(Problem)
Transcribe all the records exactly and omit any images they hold.

(Text-to-region grounding data)
Segment Open

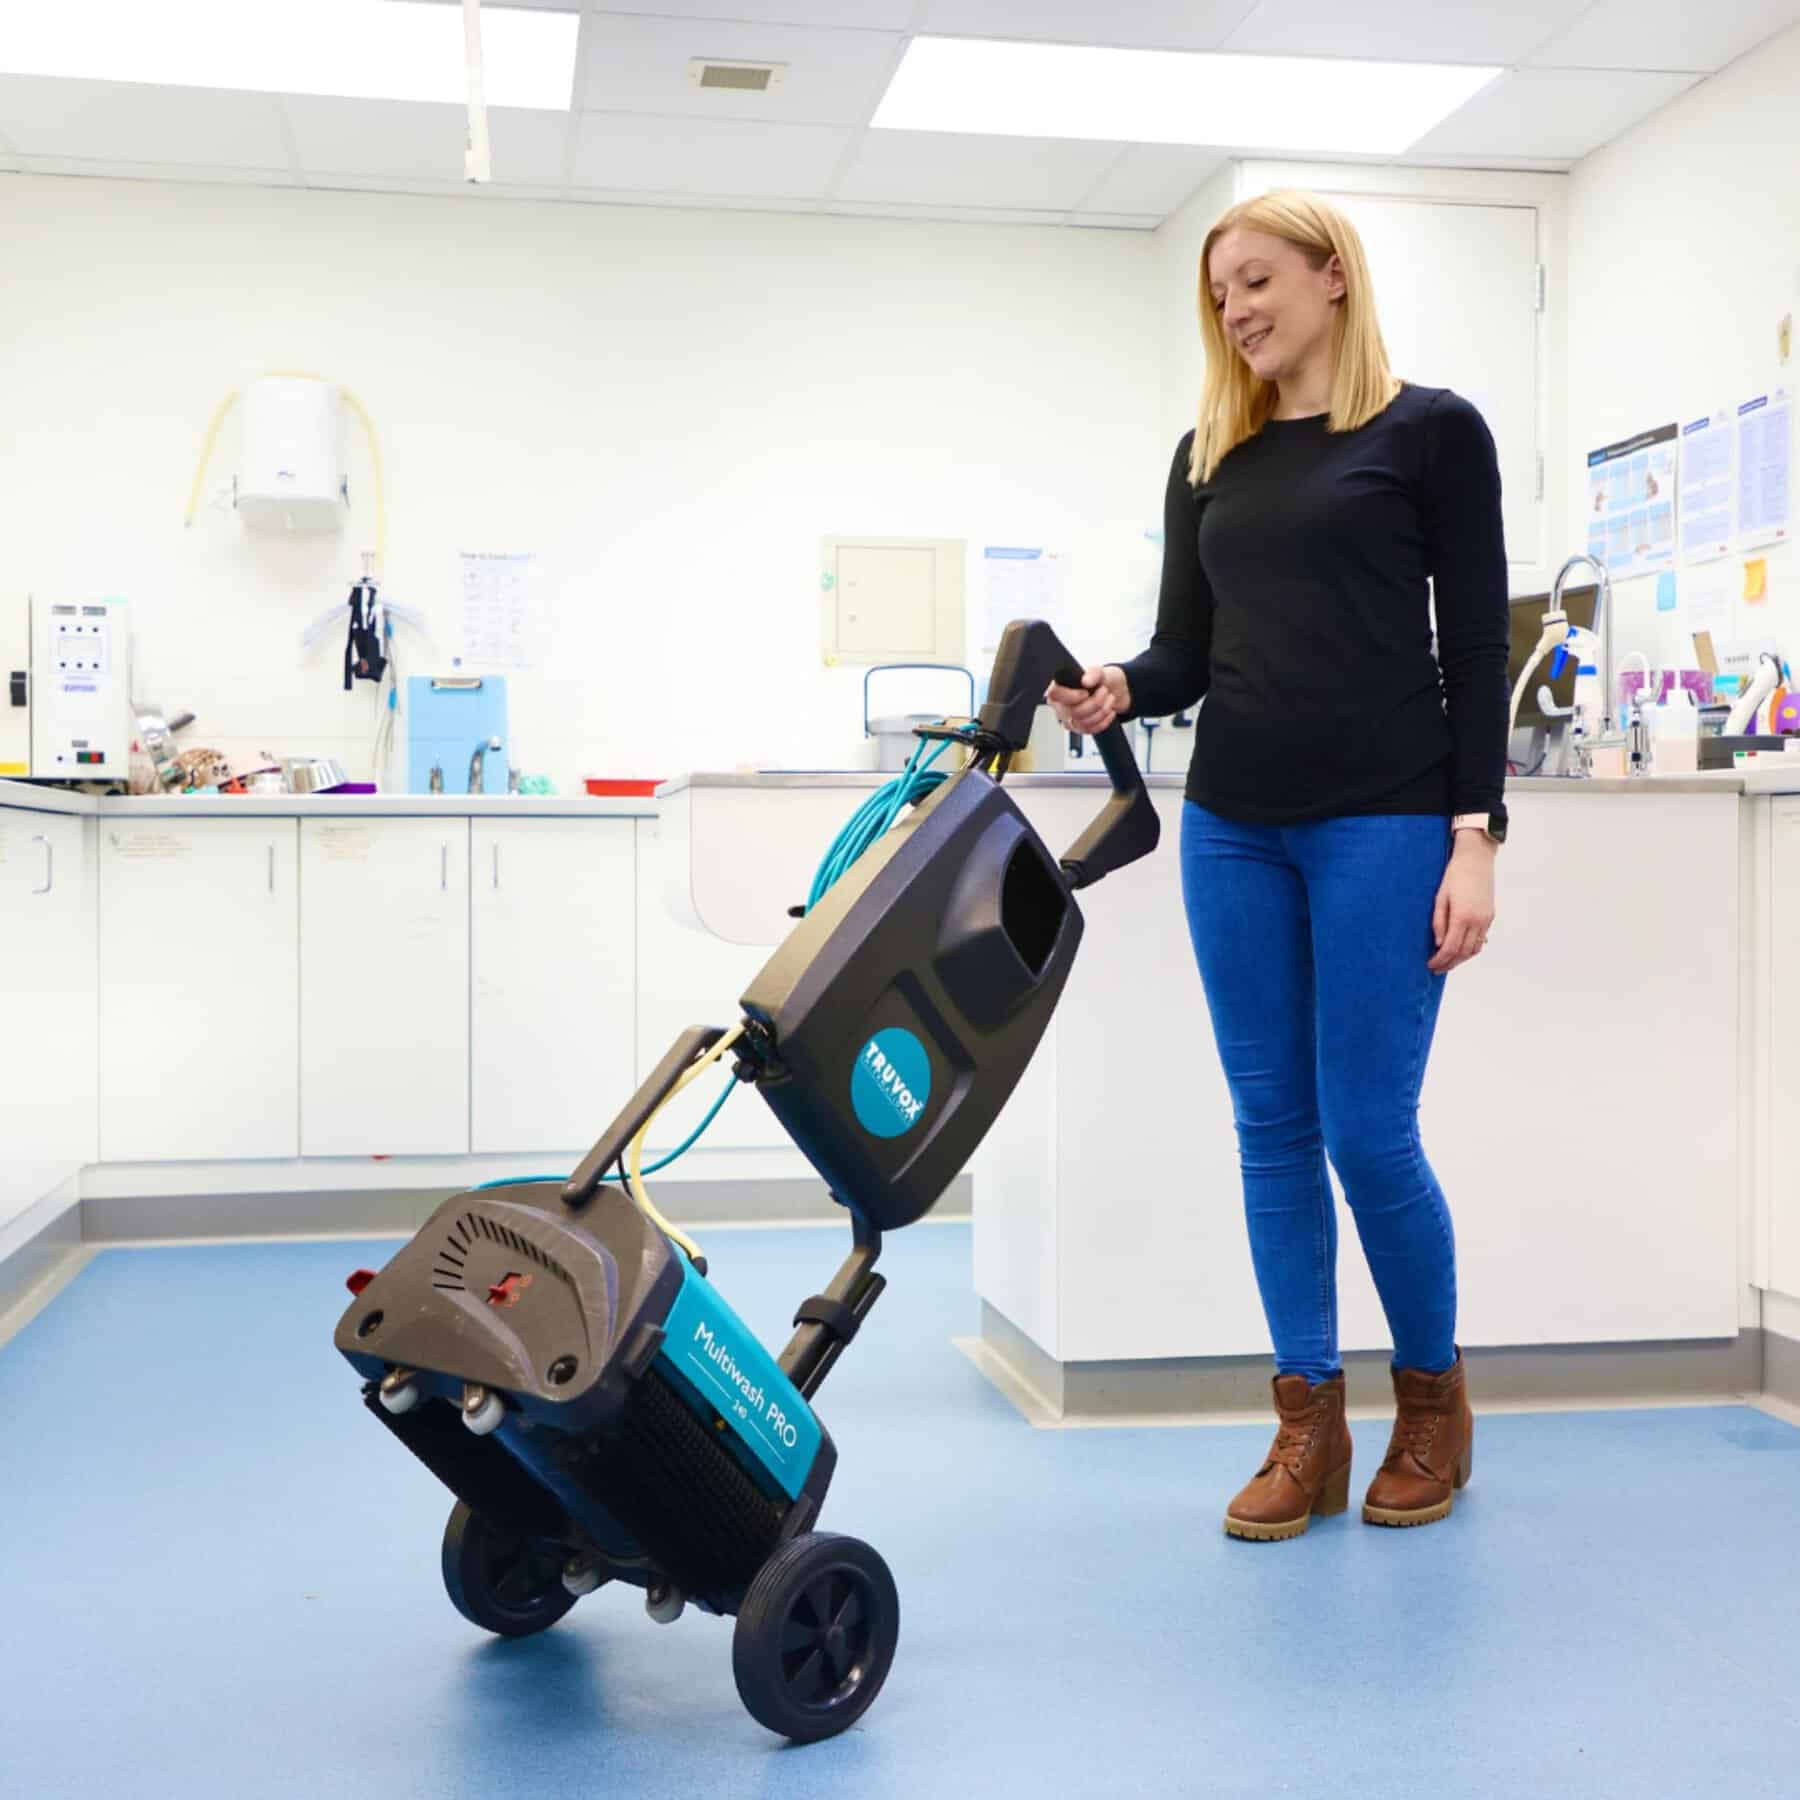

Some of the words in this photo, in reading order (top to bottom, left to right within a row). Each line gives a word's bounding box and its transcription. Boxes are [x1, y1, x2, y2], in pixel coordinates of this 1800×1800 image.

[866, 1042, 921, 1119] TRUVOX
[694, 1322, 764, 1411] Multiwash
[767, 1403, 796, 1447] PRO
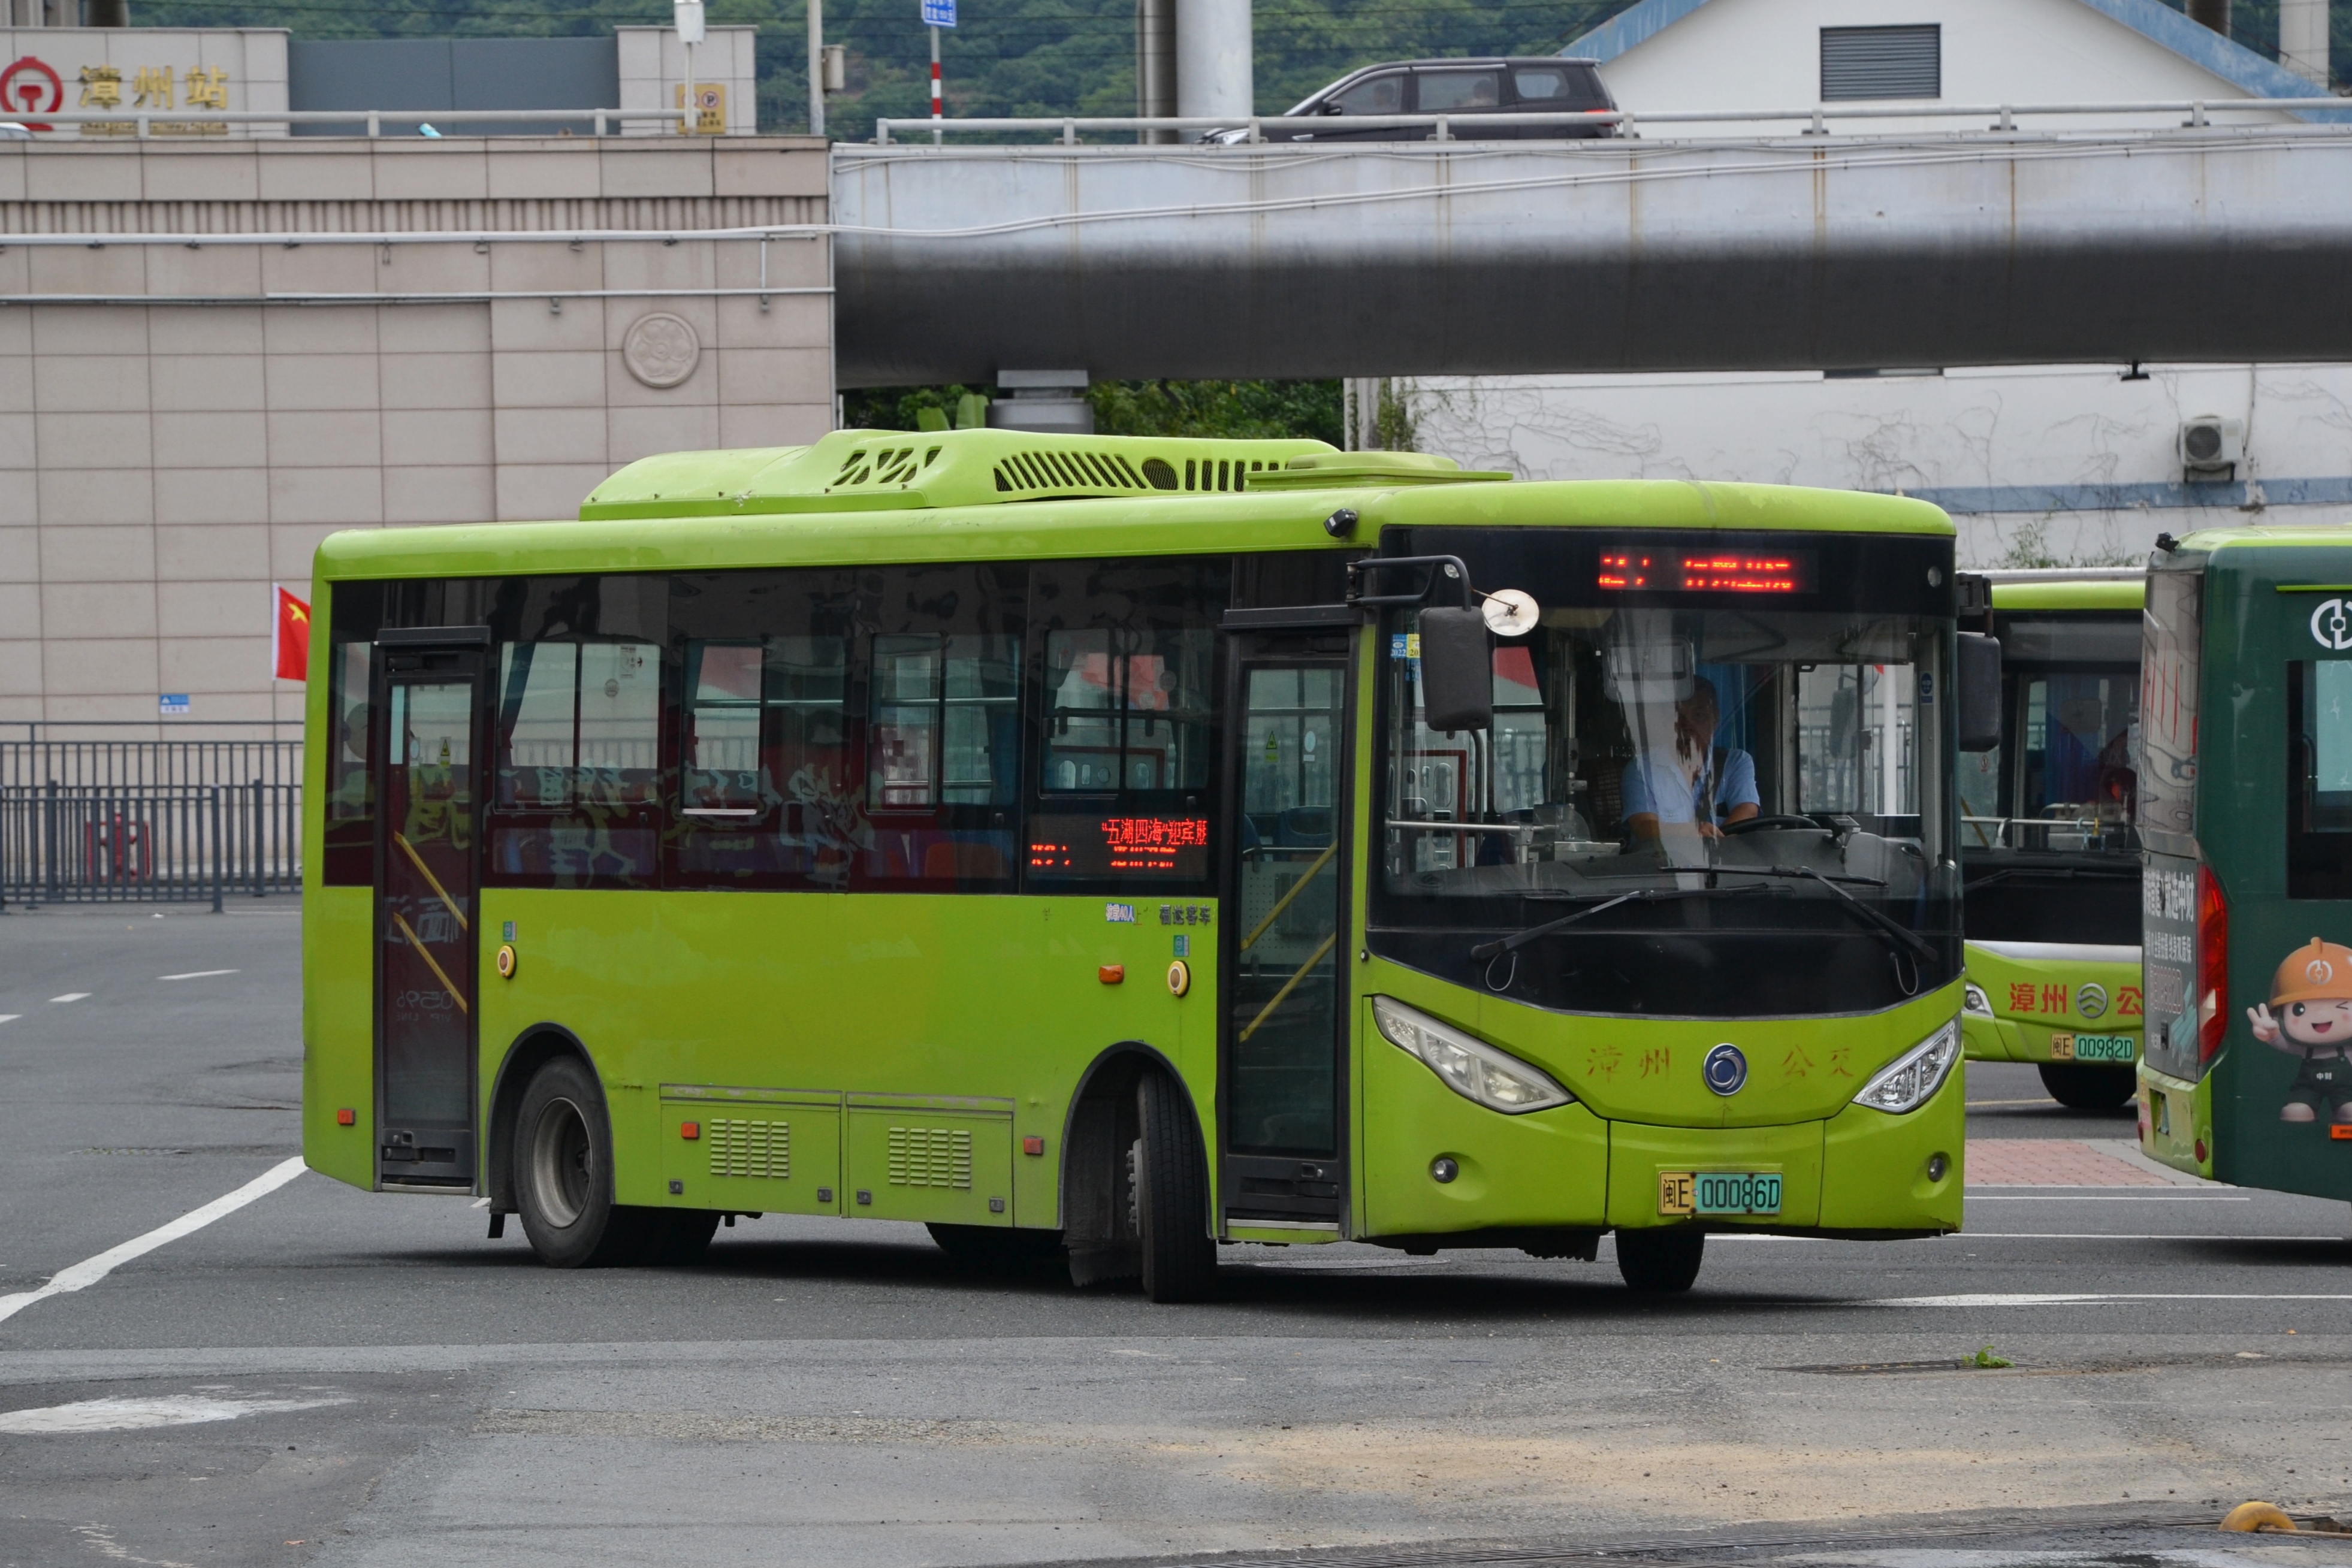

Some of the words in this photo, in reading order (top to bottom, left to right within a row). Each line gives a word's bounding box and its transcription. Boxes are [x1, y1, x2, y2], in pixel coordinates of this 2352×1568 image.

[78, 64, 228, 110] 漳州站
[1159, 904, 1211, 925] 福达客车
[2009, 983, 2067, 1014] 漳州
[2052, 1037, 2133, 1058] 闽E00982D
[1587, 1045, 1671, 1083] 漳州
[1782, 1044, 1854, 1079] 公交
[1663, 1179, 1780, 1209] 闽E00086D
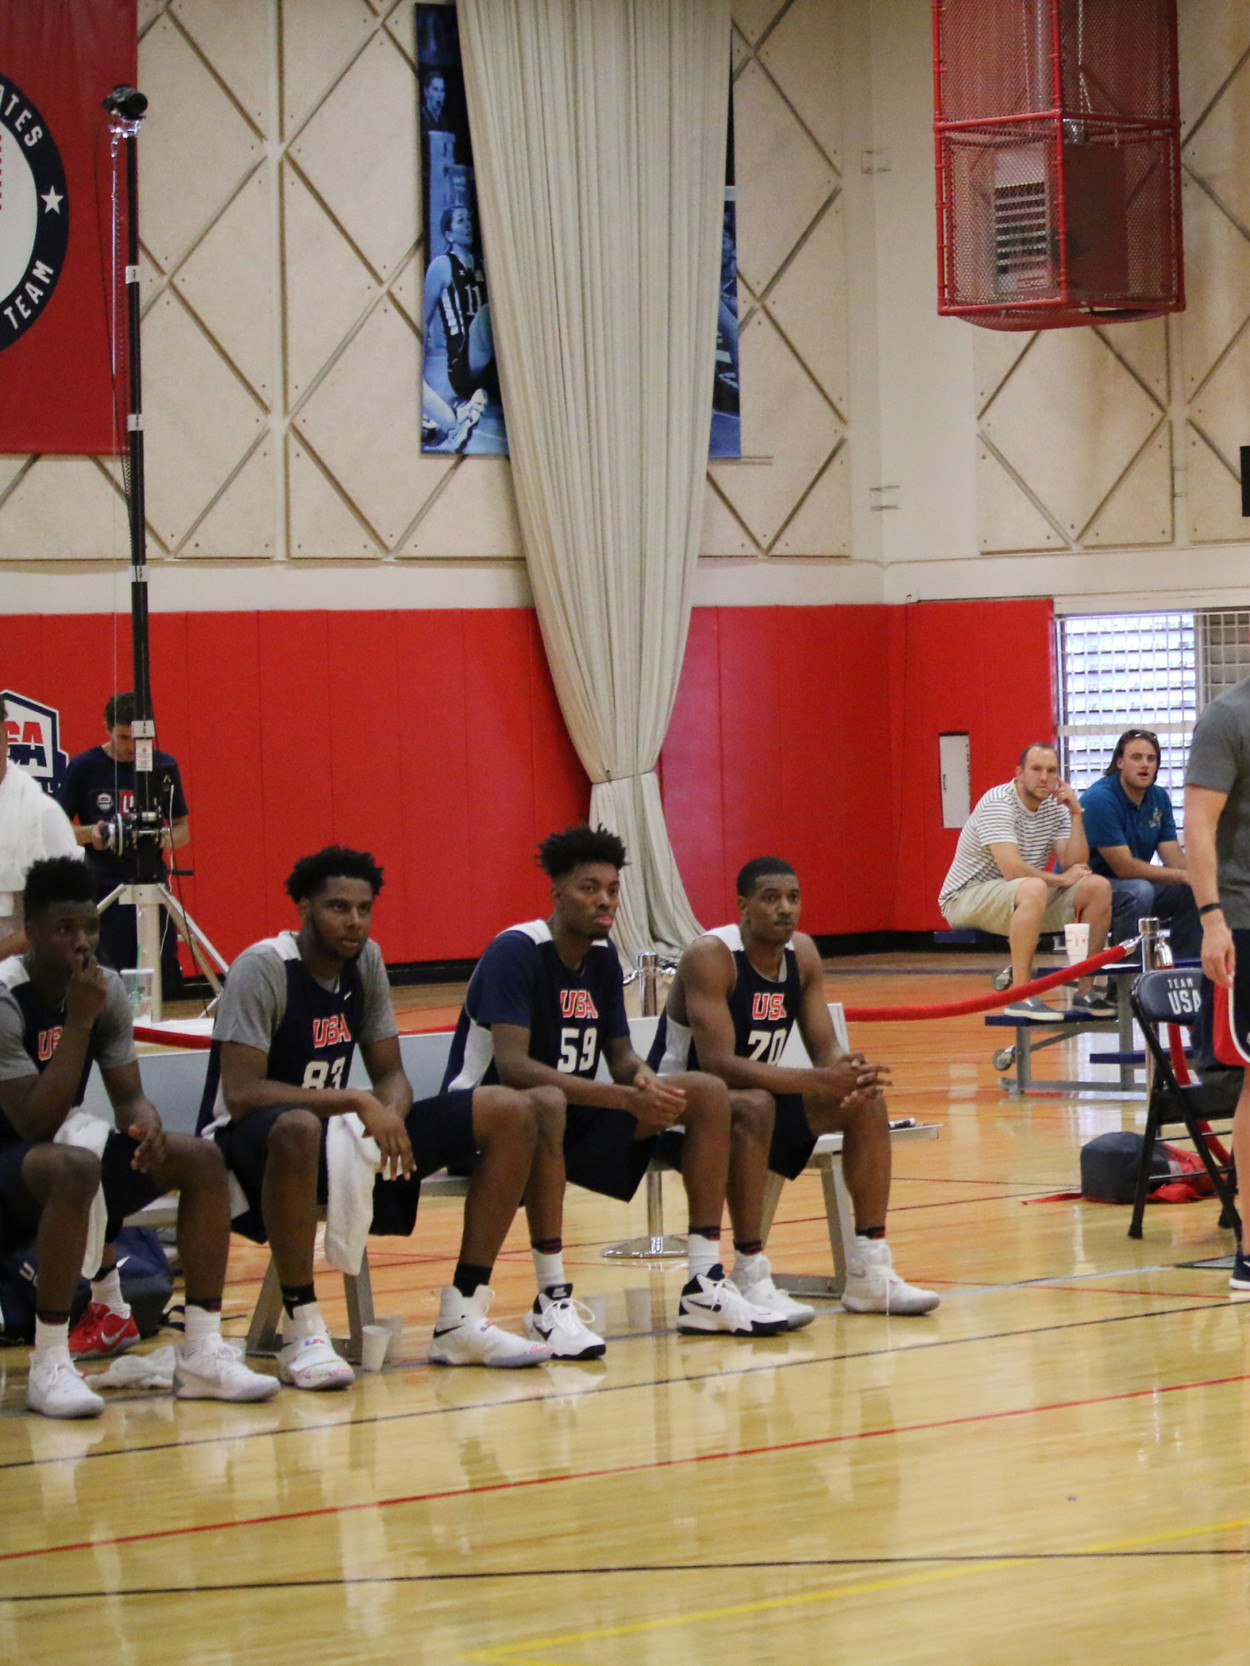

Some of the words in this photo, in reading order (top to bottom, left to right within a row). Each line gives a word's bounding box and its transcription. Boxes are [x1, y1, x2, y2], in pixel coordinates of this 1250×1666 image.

Segment Closed

(Answer to the problem)
Some of the words in this photo, in reading order (top to bottom, left to right within a row). Each line gives a word's bounding box and its transcription. Boxes are [x1, y1, x2, y2], in pixel coordinates of this 1800×1800 image.

[866, 1042, 921, 1119] TRUVOX
[694, 1322, 764, 1411] Multiwash
[767, 1403, 796, 1447] PRO

Some of the words in this photo, in reading order (top to bottom, left to right within a row). Each line gives a word's bounding box and its transcription. Boxes are [x1, y1, x2, y2], in pixel coordinates of this 2352×1568 image.

[78, 64, 228, 110] 漳州站
[1159, 904, 1211, 925] 福达客车
[2009, 983, 2067, 1014] 漳州
[2052, 1037, 2133, 1058] 闽E00982D
[1587, 1045, 1671, 1083] 漳州
[1782, 1044, 1854, 1079] 公交
[1663, 1179, 1780, 1209] 闽E00086D

Some of the words in this photo, in reading order (top to bottom, left to right within a row). Each line gives a word's bounding box and its transcription. Boxes are [x1, y1, x2, y2], in pixel coordinates of this 1250×1666 image.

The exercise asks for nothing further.